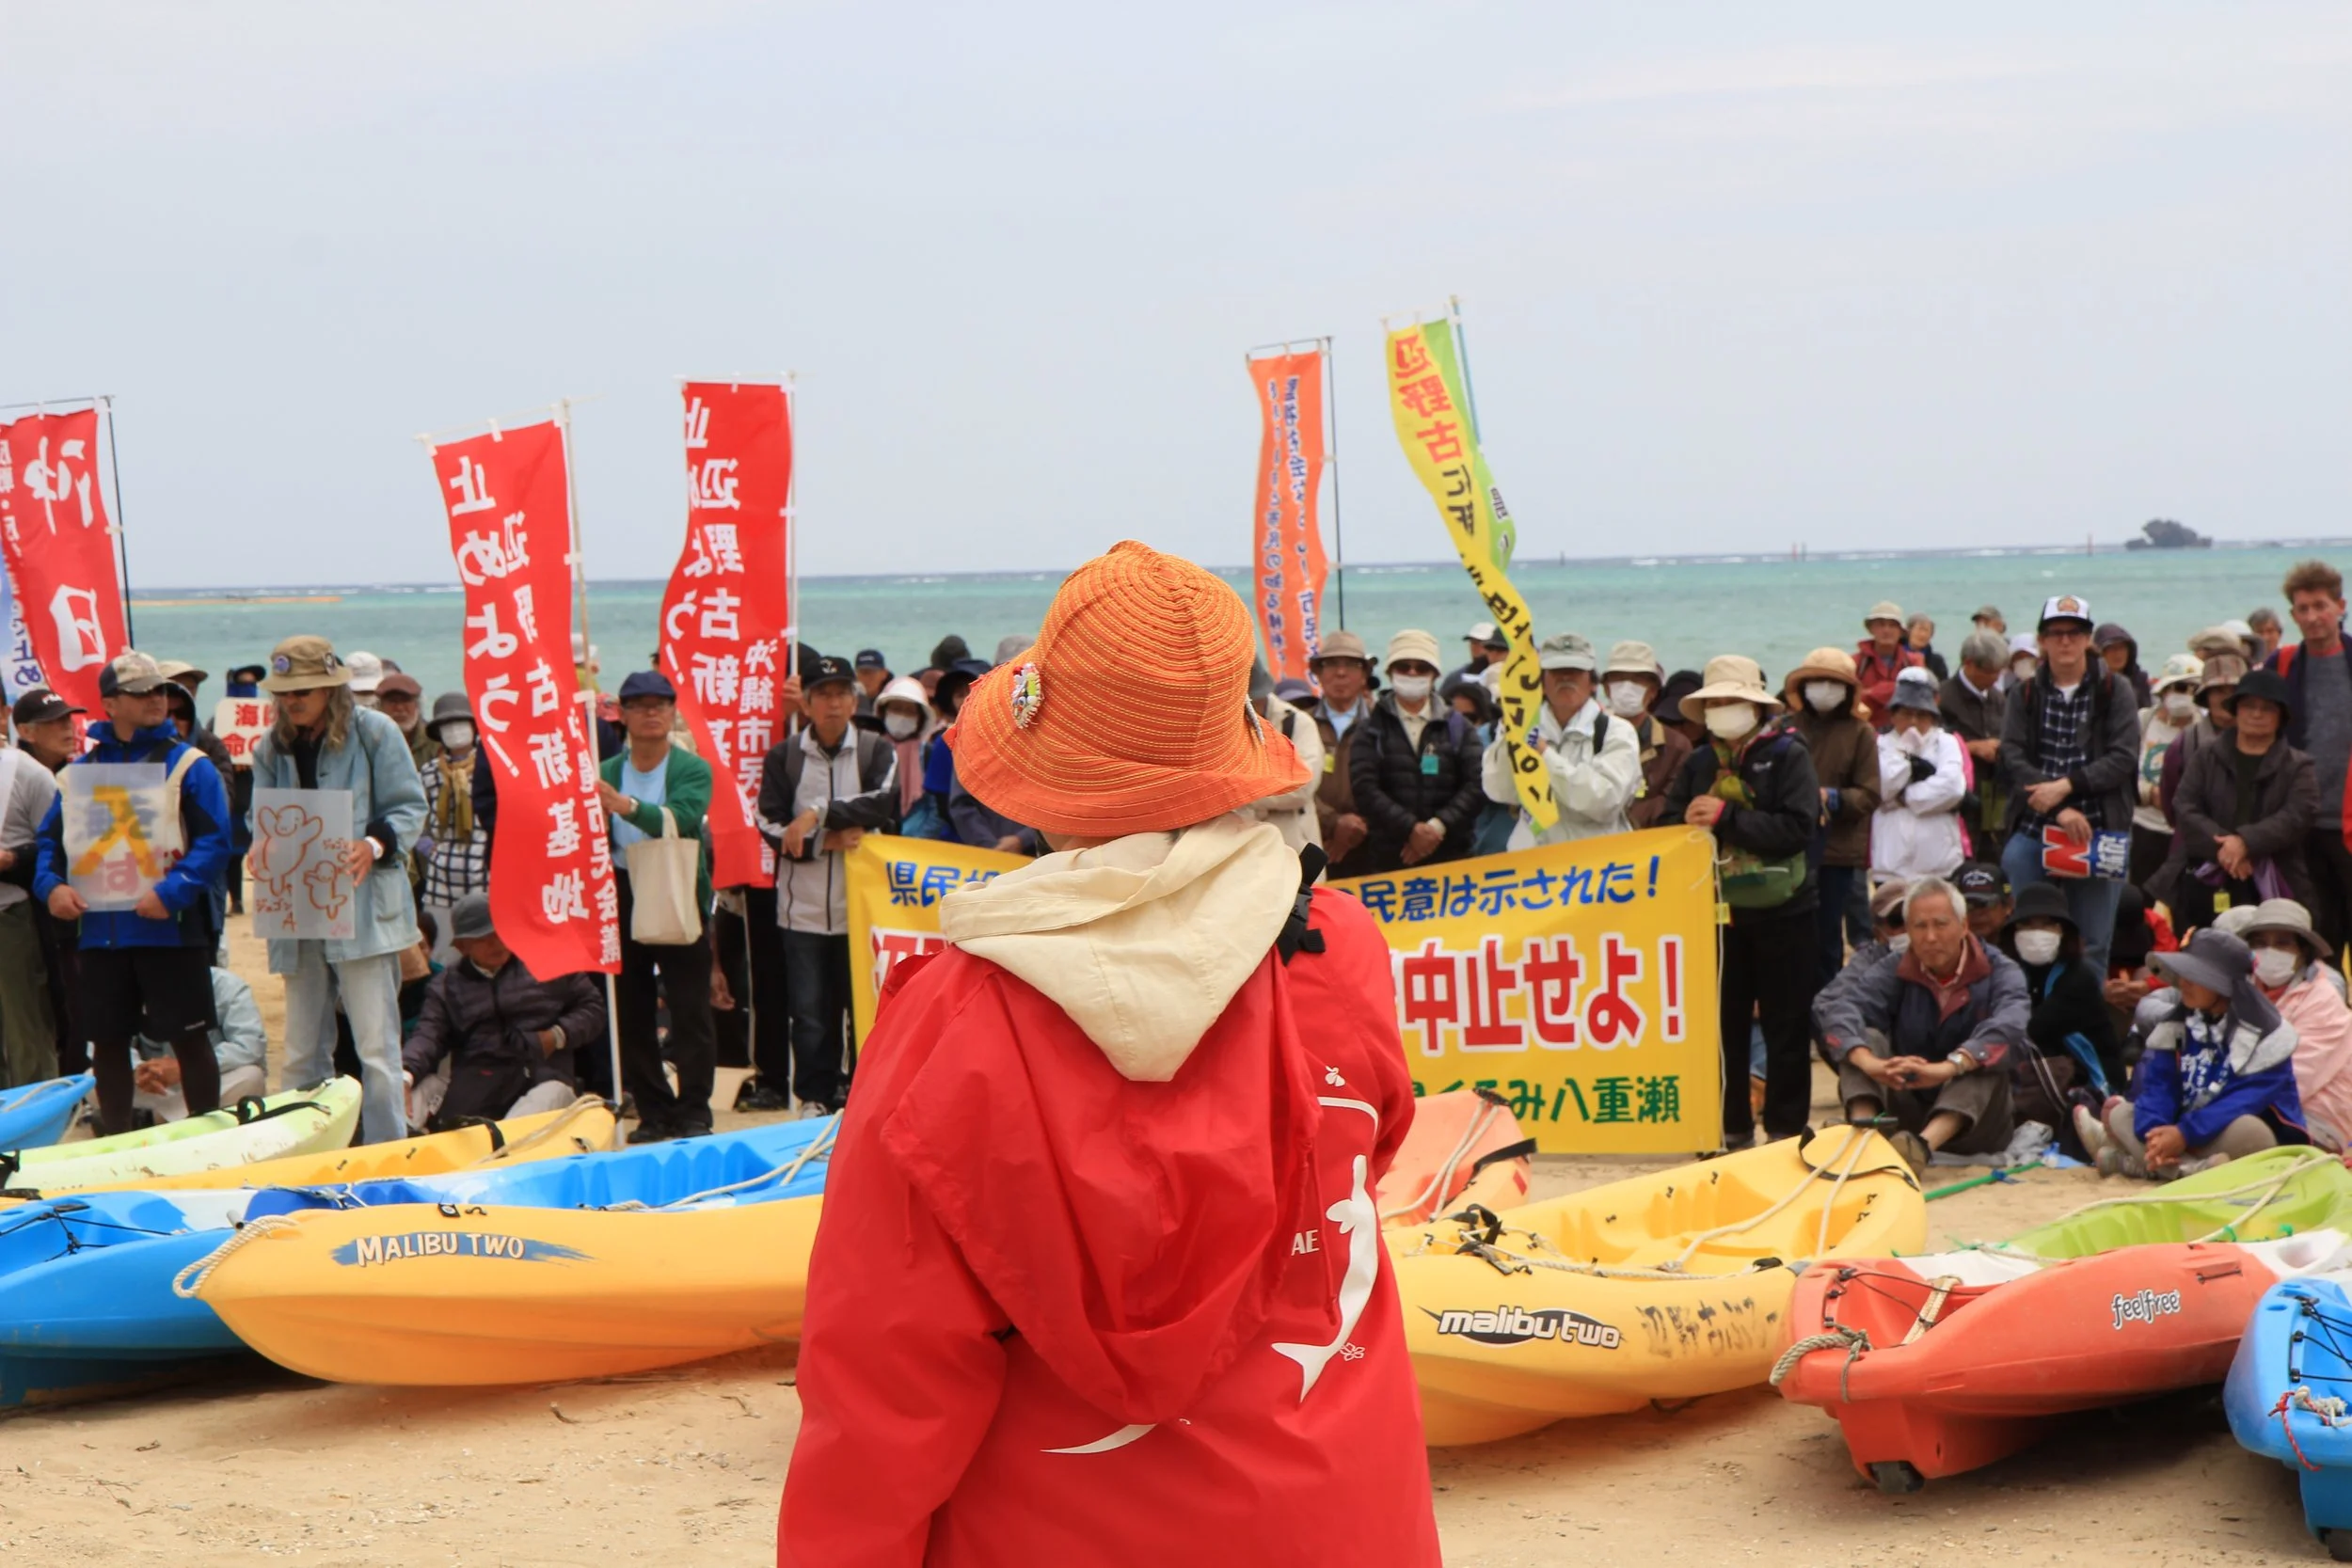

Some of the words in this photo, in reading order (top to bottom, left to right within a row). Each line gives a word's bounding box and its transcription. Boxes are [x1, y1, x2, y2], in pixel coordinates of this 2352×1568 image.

[356, 1232, 459, 1267] MALIBU
[466, 1233, 525, 1259] TWO
[1438, 1305, 1558, 1339] malibu
[1559, 1313, 1622, 1350] two
[2111, 1289, 2180, 1330] feelfree
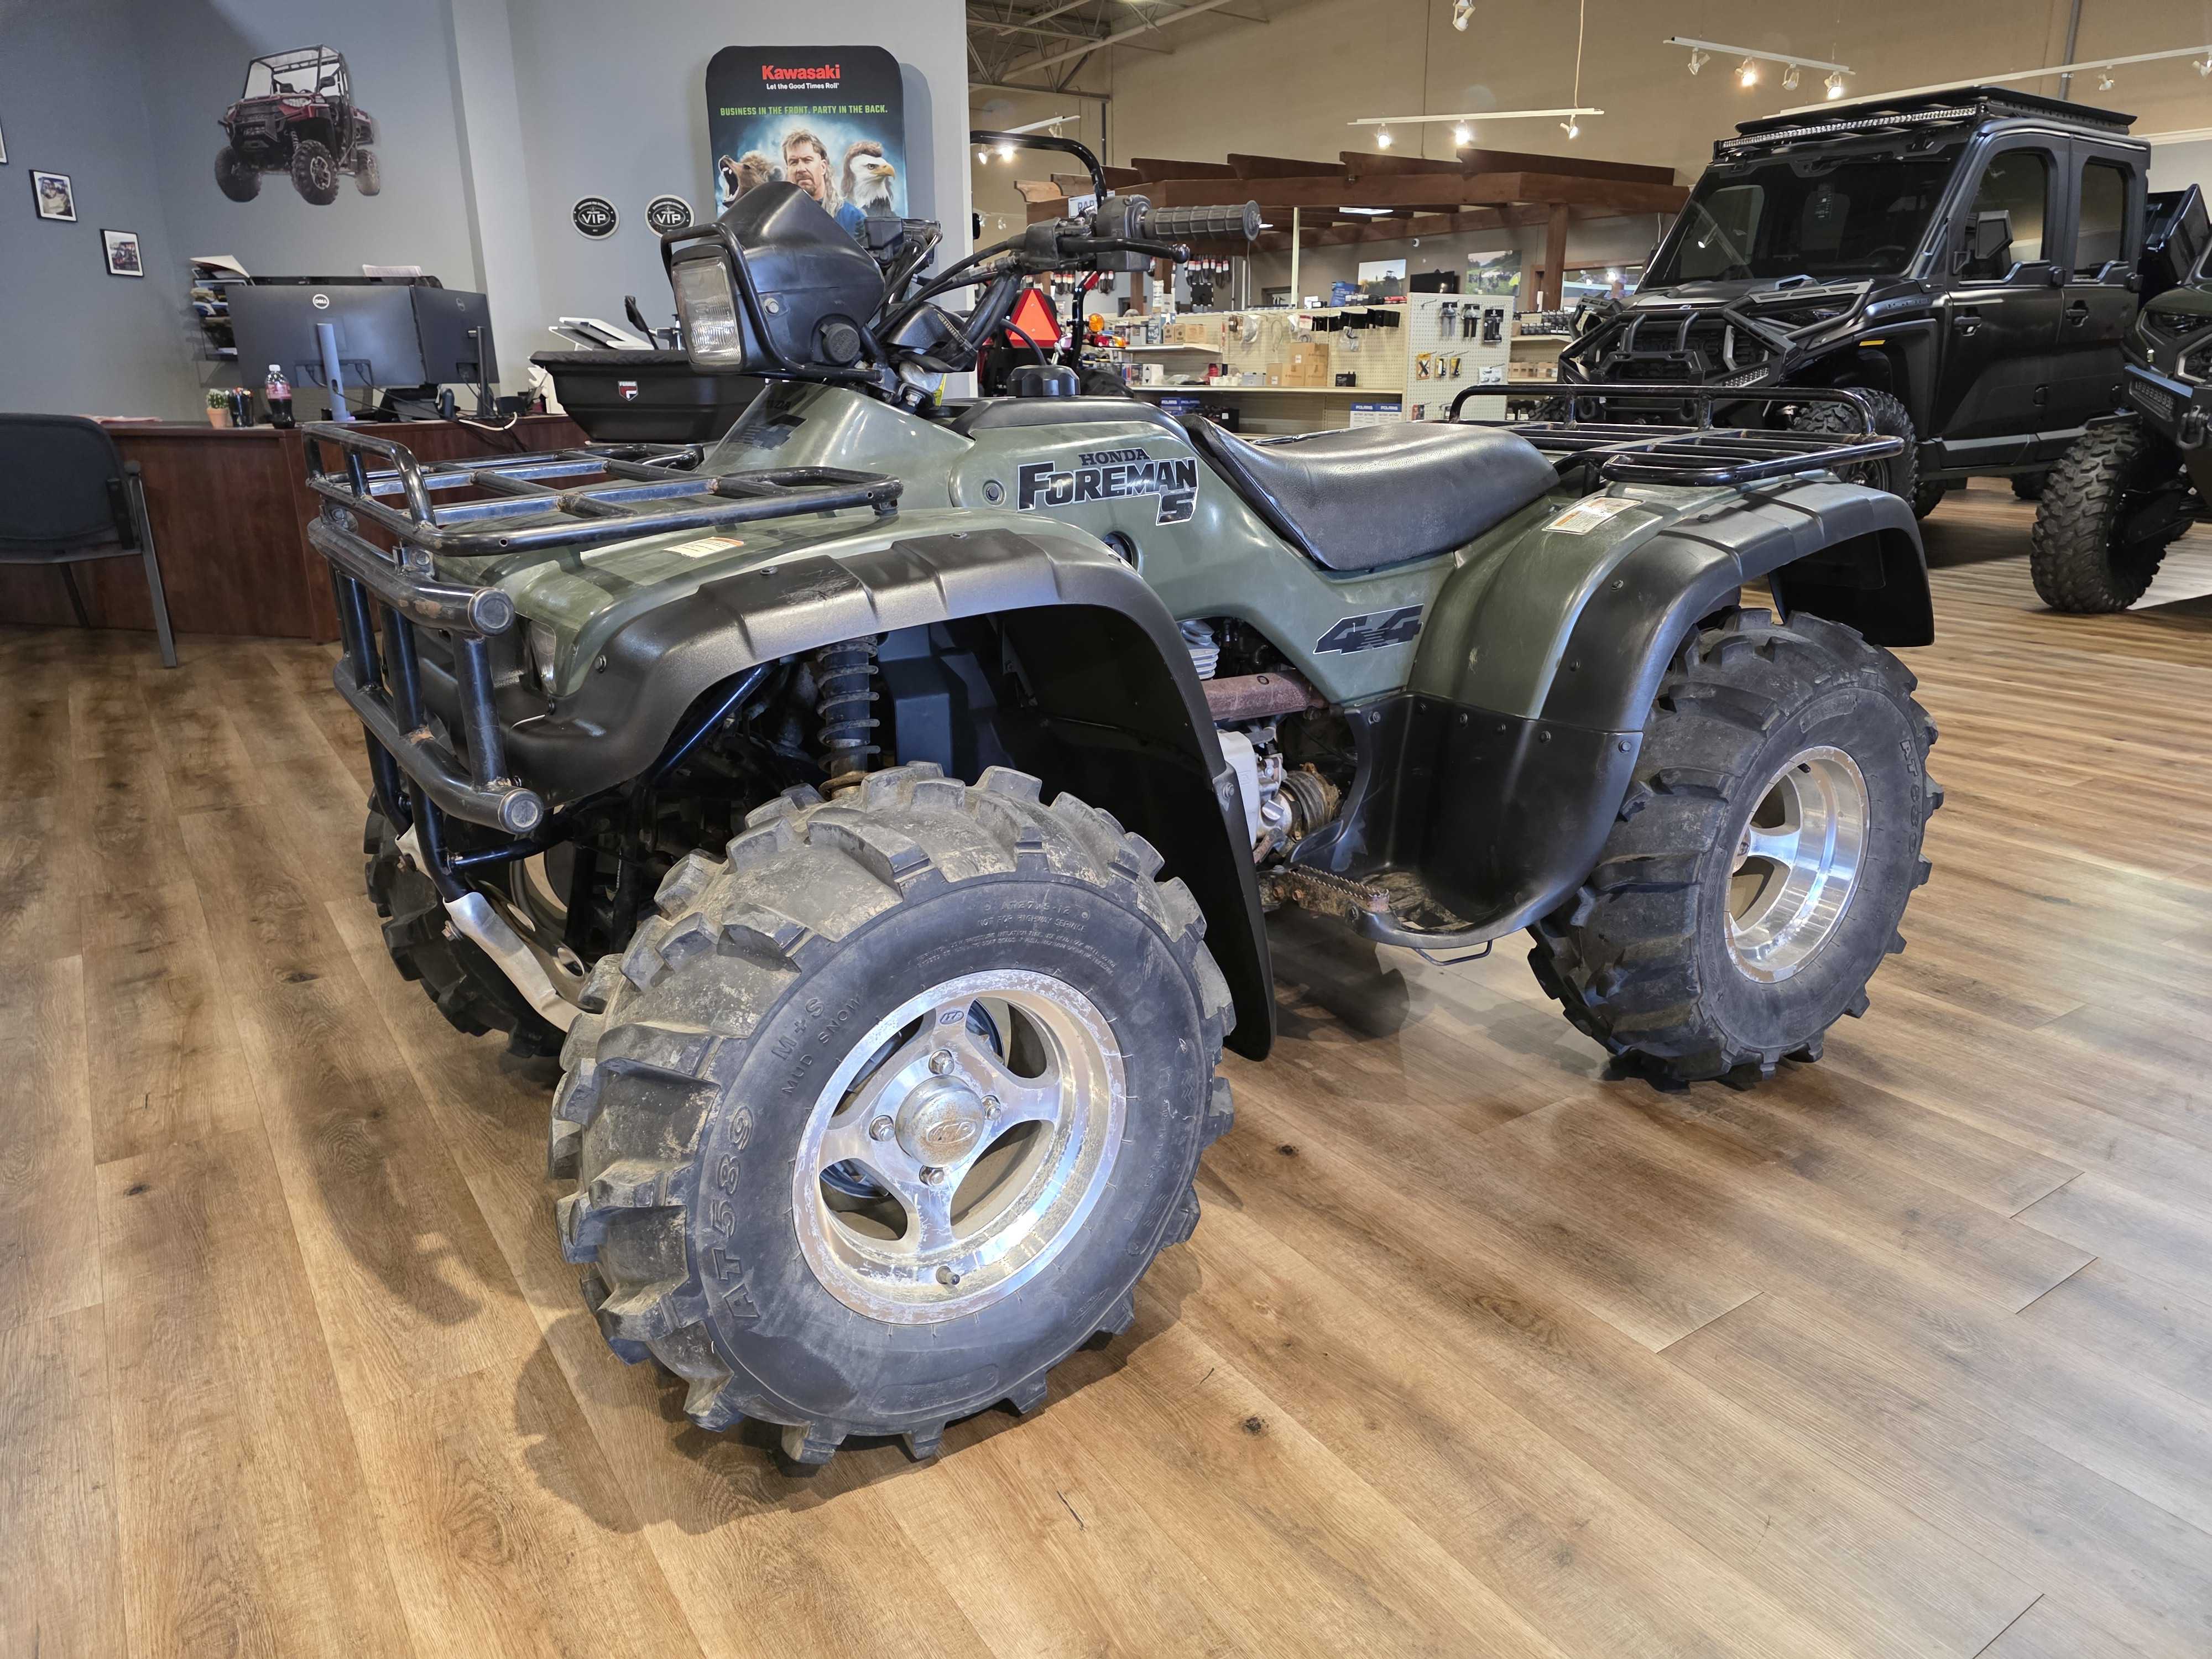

***

Return every line above word for word, minus images.

**EXERCISE ANSWER**
Some of the words in this photo, in reading order (top to bottom, left to right within a row). Each line gives a word's bounding box and its transcription. Boxes are [x1, y1, x2, y2], in pixel coordinates of this 2352×1568 image.

[356, 1232, 459, 1267] MALIBU
[466, 1233, 525, 1259] TWO
[1438, 1305, 1558, 1339] malibu
[1559, 1313, 1622, 1350] two
[2111, 1289, 2180, 1330] feelfree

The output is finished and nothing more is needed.